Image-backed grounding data
.....
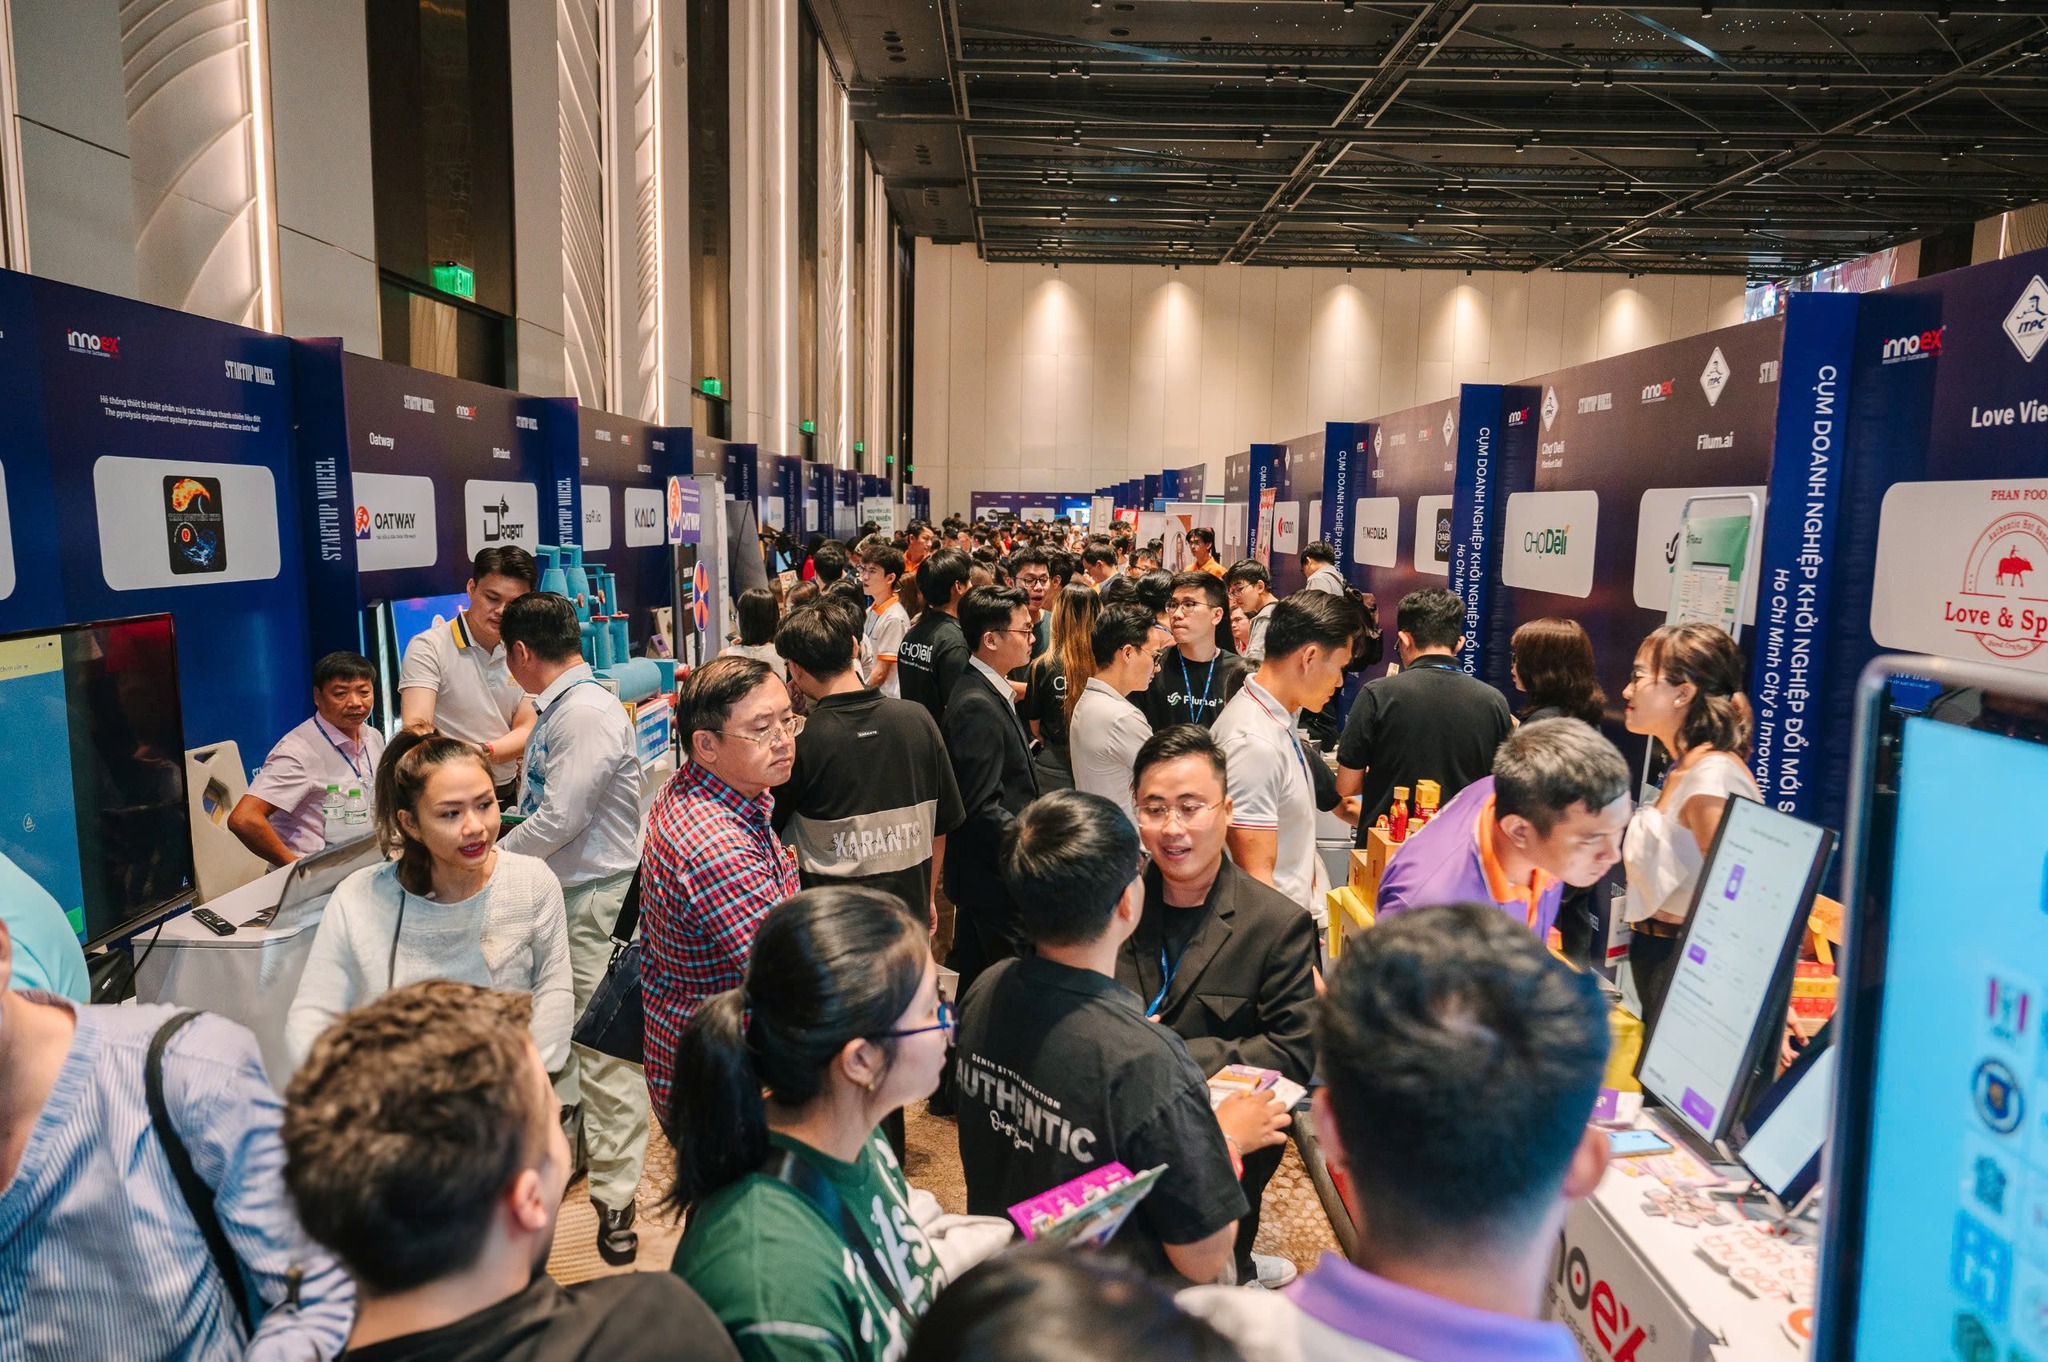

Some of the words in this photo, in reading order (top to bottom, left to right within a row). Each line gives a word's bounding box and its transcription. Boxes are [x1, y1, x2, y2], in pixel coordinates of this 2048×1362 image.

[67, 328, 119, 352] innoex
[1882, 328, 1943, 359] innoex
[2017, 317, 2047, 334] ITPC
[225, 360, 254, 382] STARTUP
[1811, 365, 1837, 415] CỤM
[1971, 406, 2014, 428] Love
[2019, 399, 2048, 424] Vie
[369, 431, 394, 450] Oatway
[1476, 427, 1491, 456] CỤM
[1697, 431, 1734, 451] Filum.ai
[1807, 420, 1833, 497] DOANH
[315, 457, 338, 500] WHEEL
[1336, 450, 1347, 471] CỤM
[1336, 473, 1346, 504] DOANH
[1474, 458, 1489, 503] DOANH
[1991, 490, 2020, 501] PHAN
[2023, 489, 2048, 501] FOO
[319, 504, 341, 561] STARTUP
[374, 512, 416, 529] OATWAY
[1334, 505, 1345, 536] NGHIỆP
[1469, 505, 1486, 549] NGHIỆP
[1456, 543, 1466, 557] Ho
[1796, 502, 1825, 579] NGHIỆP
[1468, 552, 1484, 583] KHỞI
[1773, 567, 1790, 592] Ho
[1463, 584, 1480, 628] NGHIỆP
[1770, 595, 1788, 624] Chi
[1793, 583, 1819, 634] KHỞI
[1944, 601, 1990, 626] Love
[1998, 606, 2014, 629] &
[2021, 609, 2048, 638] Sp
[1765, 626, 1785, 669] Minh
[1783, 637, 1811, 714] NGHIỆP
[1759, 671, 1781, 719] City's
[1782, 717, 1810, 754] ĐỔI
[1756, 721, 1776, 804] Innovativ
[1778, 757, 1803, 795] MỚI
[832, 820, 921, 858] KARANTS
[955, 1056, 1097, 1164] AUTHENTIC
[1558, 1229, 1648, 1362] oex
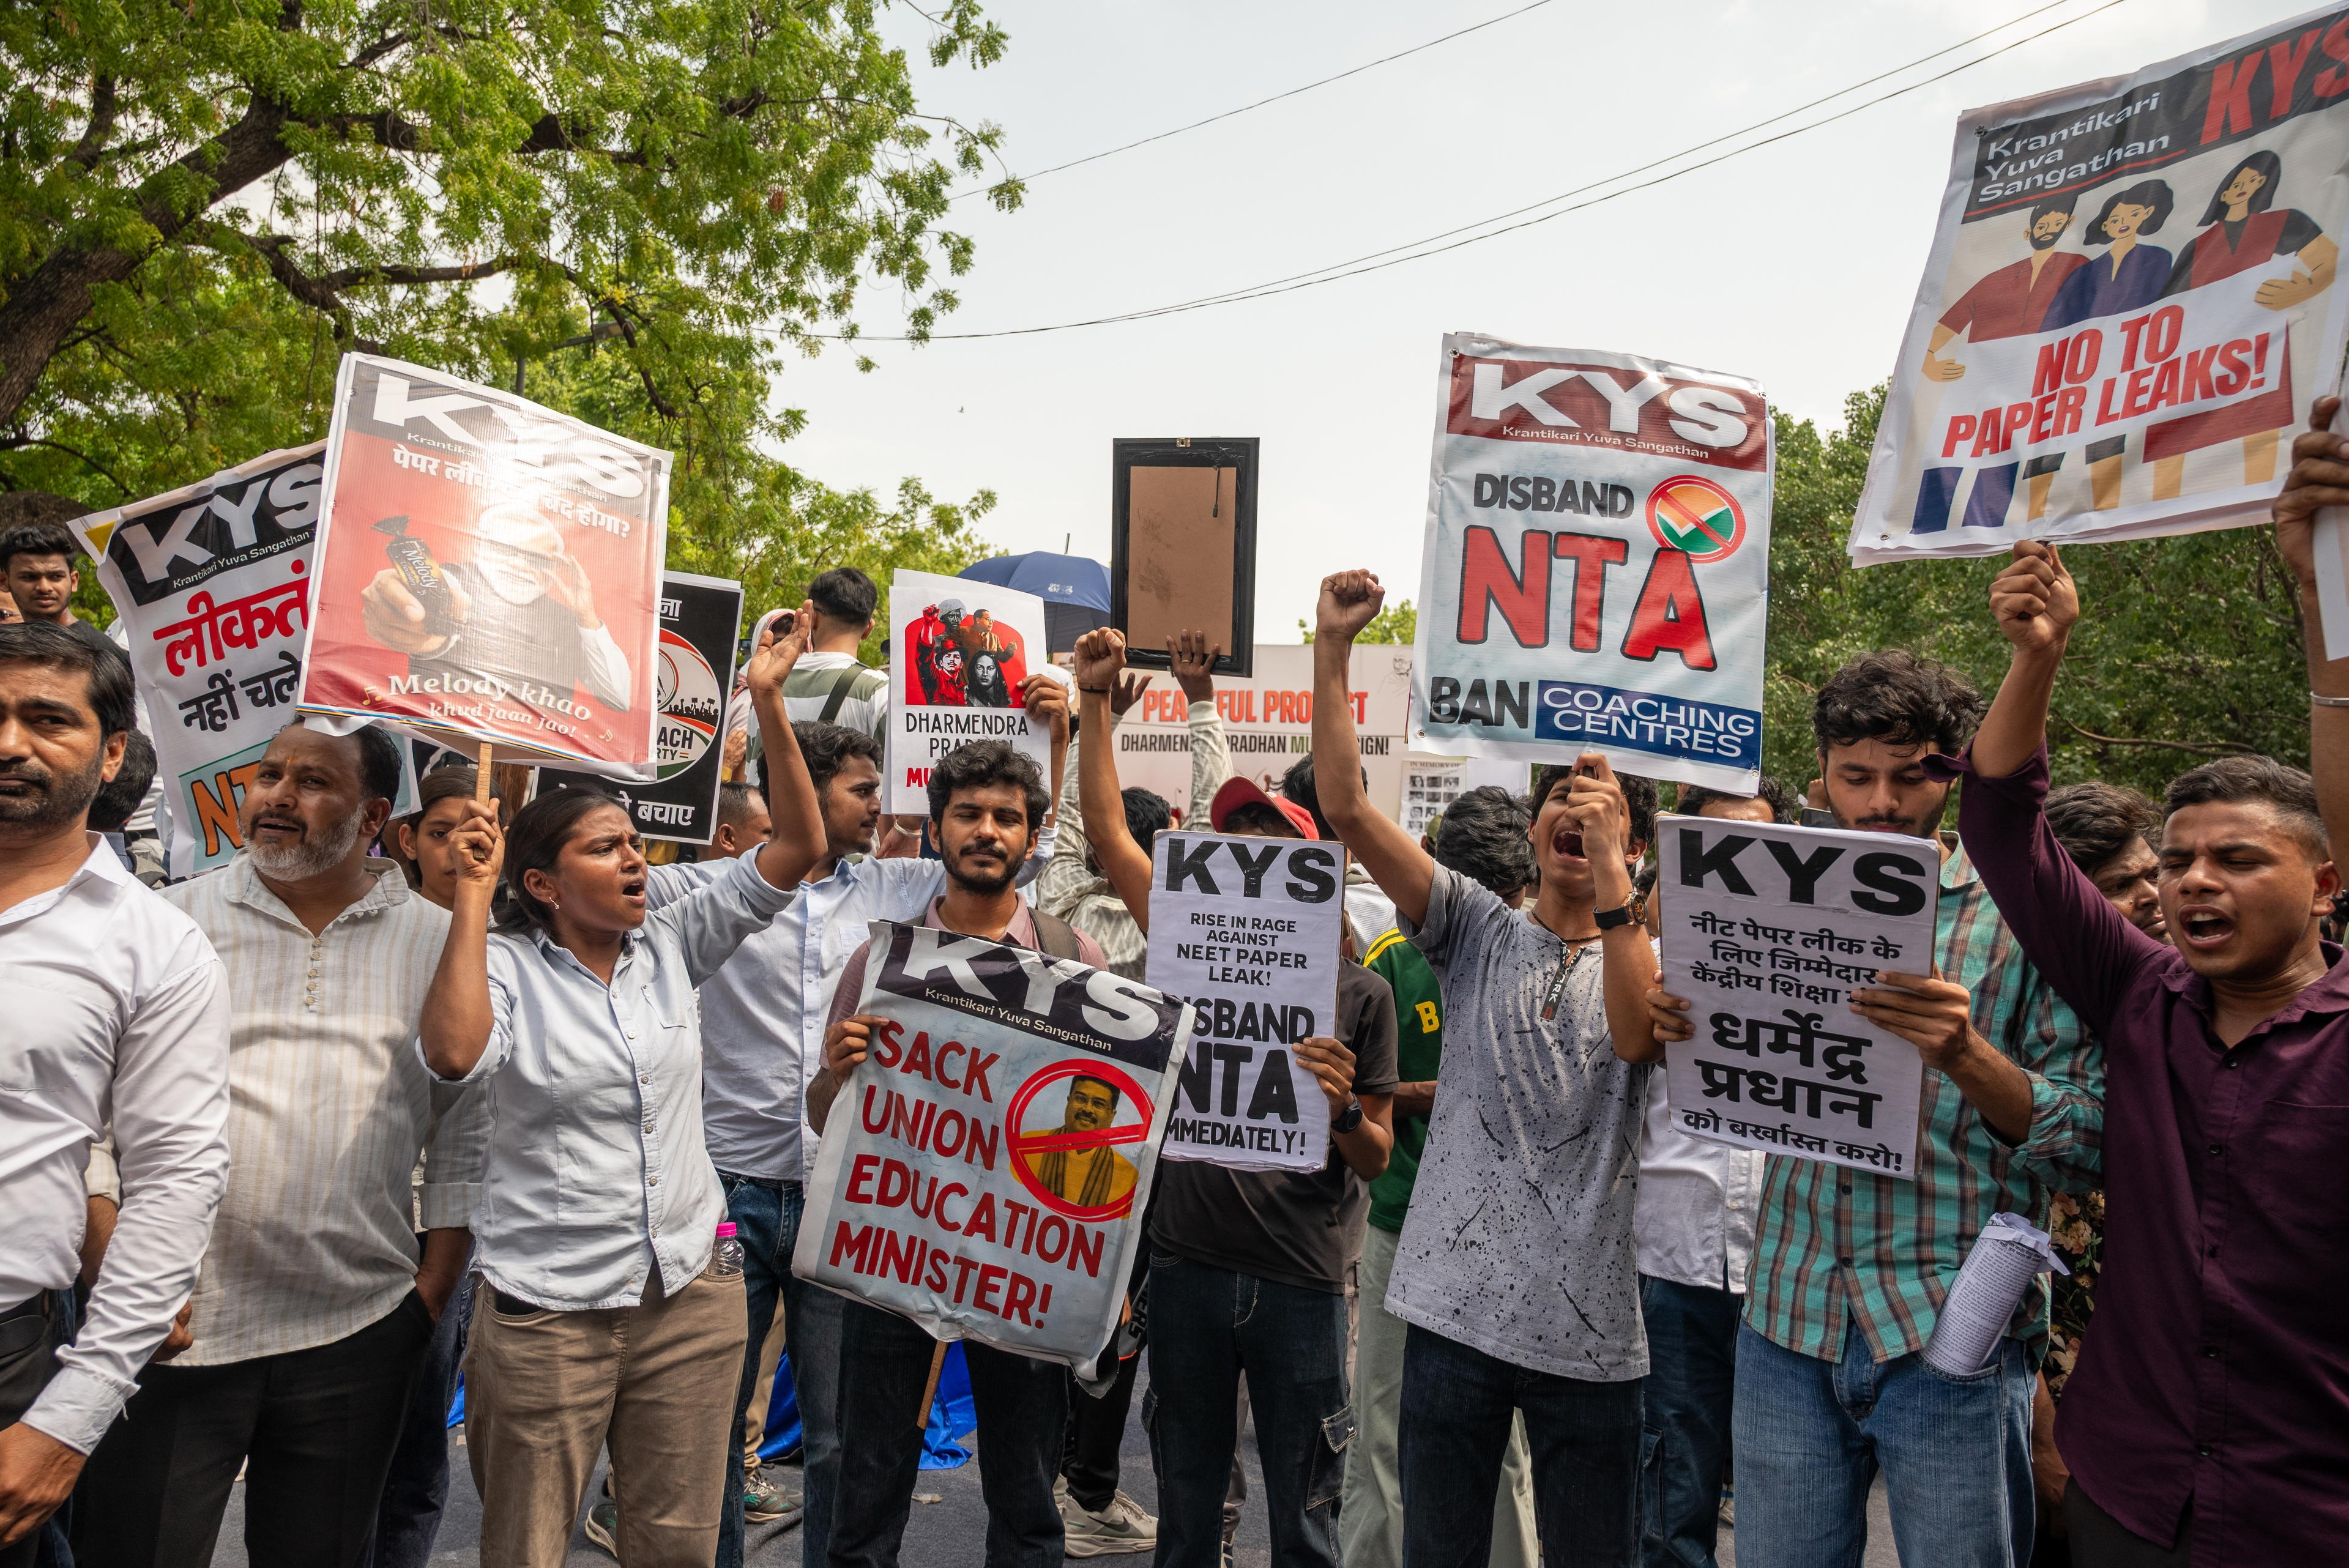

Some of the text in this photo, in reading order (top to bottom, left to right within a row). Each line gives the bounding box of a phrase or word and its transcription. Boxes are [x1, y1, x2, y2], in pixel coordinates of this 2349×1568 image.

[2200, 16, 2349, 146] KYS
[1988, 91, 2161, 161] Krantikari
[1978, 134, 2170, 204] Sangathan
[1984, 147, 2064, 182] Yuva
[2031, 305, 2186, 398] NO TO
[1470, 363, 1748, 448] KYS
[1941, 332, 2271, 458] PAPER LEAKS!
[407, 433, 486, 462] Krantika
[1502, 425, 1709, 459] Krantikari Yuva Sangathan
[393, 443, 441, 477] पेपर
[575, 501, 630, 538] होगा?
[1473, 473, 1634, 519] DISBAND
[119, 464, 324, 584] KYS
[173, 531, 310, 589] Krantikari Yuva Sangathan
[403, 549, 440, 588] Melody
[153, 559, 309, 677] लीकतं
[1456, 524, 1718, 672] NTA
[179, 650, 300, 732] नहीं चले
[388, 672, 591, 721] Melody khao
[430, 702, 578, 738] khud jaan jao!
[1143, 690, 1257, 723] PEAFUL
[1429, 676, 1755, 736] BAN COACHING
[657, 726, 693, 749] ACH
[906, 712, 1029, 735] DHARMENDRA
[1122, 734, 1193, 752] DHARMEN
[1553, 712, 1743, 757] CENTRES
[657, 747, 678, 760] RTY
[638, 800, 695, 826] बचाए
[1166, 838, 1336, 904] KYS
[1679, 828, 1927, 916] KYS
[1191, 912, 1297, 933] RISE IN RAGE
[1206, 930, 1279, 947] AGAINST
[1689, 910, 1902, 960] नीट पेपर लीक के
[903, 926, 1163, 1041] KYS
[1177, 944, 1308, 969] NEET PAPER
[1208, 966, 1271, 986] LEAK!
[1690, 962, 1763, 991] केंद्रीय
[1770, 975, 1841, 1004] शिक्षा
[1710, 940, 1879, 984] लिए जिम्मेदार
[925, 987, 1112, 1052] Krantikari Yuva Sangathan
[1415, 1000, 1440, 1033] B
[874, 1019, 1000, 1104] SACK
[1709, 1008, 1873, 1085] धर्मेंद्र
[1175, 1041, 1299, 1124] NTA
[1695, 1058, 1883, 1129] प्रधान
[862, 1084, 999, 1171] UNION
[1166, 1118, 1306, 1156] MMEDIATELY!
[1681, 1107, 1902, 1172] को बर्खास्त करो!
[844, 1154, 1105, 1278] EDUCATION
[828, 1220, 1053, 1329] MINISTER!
.....
## TASK BRIEF
Please reproduce the entries above exactly, omitting every picture.

## ANSWER TO THIS PROBLEM
Some of the words in this photo, in reading order (top to bottom, left to right within a row). Each line gives a word's bounding box and its transcription. Boxes are [x1, y1, x2, y2], in pixel coordinates of this 2048×1362 image.

[67, 328, 119, 352] innoex
[1882, 328, 1943, 359] innoex
[2017, 317, 2047, 334] ITPC
[225, 360, 254, 382] STARTUP
[1811, 365, 1837, 415] CỤM
[1971, 406, 2014, 428] Love
[2019, 399, 2048, 424] Vie
[369, 431, 394, 450] Oatway
[1476, 427, 1491, 456] CỤM
[1697, 431, 1734, 451] Filum.ai
[1807, 420, 1833, 497] DOANH
[315, 457, 338, 500] WHEEL
[1336, 450, 1347, 471] CỤM
[1336, 473, 1346, 504] DOANH
[1474, 458, 1489, 503] DOANH
[1991, 490, 2020, 501] PHAN
[2023, 489, 2048, 501] FOO
[319, 504, 341, 561] STARTUP
[374, 512, 416, 529] OATWAY
[1334, 505, 1345, 536] NGHIỆP
[1469, 505, 1486, 549] NGHIỆP
[1456, 543, 1466, 557] Ho
[1796, 502, 1825, 579] NGHIỆP
[1468, 552, 1484, 583] KHỞI
[1773, 567, 1790, 592] Ho
[1463, 584, 1480, 628] NGHIỆP
[1770, 595, 1788, 624] Chi
[1793, 583, 1819, 634] KHỞI
[1944, 601, 1990, 626] Love
[1998, 606, 2014, 629] &
[2021, 609, 2048, 638] Sp
[1765, 626, 1785, 669] Minh
[1783, 637, 1811, 714] NGHIỆP
[1759, 671, 1781, 719] City's
[1782, 717, 1810, 754] ĐỔI
[1756, 721, 1776, 804] Innovativ
[1778, 757, 1803, 795] MỚI
[832, 820, 921, 858] KARANTS
[955, 1056, 1097, 1164] AUTHENTIC
[1558, 1229, 1648, 1362] oex

Some of the text in this photo, in reading order (top to bottom, left to right within a row). Each line gives the bounding box of a phrase or word and its transcription. Boxes are [x1, y1, x2, y2], in pixel coordinates of this 2349×1568 image.

[2200, 16, 2349, 146] KYS
[1988, 91, 2161, 161] Krantikari
[1978, 134, 2170, 204] Sangathan
[1984, 147, 2064, 182] Yuva
[2031, 305, 2186, 398] NO TO
[1470, 363, 1748, 448] KYS
[1941, 332, 2271, 458] PAPER LEAKS!
[407, 433, 486, 462] Krantika
[1502, 425, 1709, 459] Krantikari Yuva Sangathan
[393, 443, 441, 477] पेपर
[575, 501, 630, 538] होगा?
[1473, 473, 1634, 519] DISBAND
[119, 464, 324, 584] KYS
[173, 531, 310, 589] Krantikari Yuva Sangathan
[403, 549, 440, 588] Melody
[153, 559, 309, 677] लीकतं
[1456, 524, 1718, 672] NTA
[179, 650, 300, 732] नहीं चले
[388, 672, 591, 721] Melody khao
[430, 702, 578, 738] khud jaan jao!
[1143, 690, 1257, 723] PEAFUL
[1429, 676, 1755, 736] BAN COACHING
[657, 726, 693, 749] ACH
[906, 712, 1029, 735] DHARMENDRA
[1122, 734, 1193, 752] DHARMEN
[1553, 712, 1743, 757] CENTRES
[657, 747, 678, 760] RTY
[638, 800, 695, 826] बचाए
[1166, 838, 1336, 904] KYS
[1679, 828, 1927, 916] KYS
[1191, 912, 1297, 933] RISE IN RAGE
[1206, 930, 1279, 947] AGAINST
[1689, 910, 1902, 960] नीट पेपर लीक के
[903, 926, 1163, 1041] KYS
[1177, 944, 1308, 969] NEET PAPER
[1208, 966, 1271, 986] LEAK!
[1690, 962, 1763, 991] केंद्रीय
[1770, 975, 1841, 1004] शिक्षा
[1710, 940, 1879, 984] लिए जिम्मेदार
[925, 987, 1112, 1052] Krantikari Yuva Sangathan
[1415, 1000, 1440, 1033] B
[874, 1019, 1000, 1104] SACK
[1709, 1008, 1873, 1085] धर्मेंद्र
[1175, 1041, 1299, 1124] NTA
[1695, 1058, 1883, 1129] प्रधान
[862, 1084, 999, 1171] UNION
[1166, 1118, 1306, 1156] MMEDIATELY!
[1681, 1107, 1902, 1172] को बर्खास्त करो!
[844, 1154, 1105, 1278] EDUCATION
[828, 1220, 1053, 1329] MINISTER!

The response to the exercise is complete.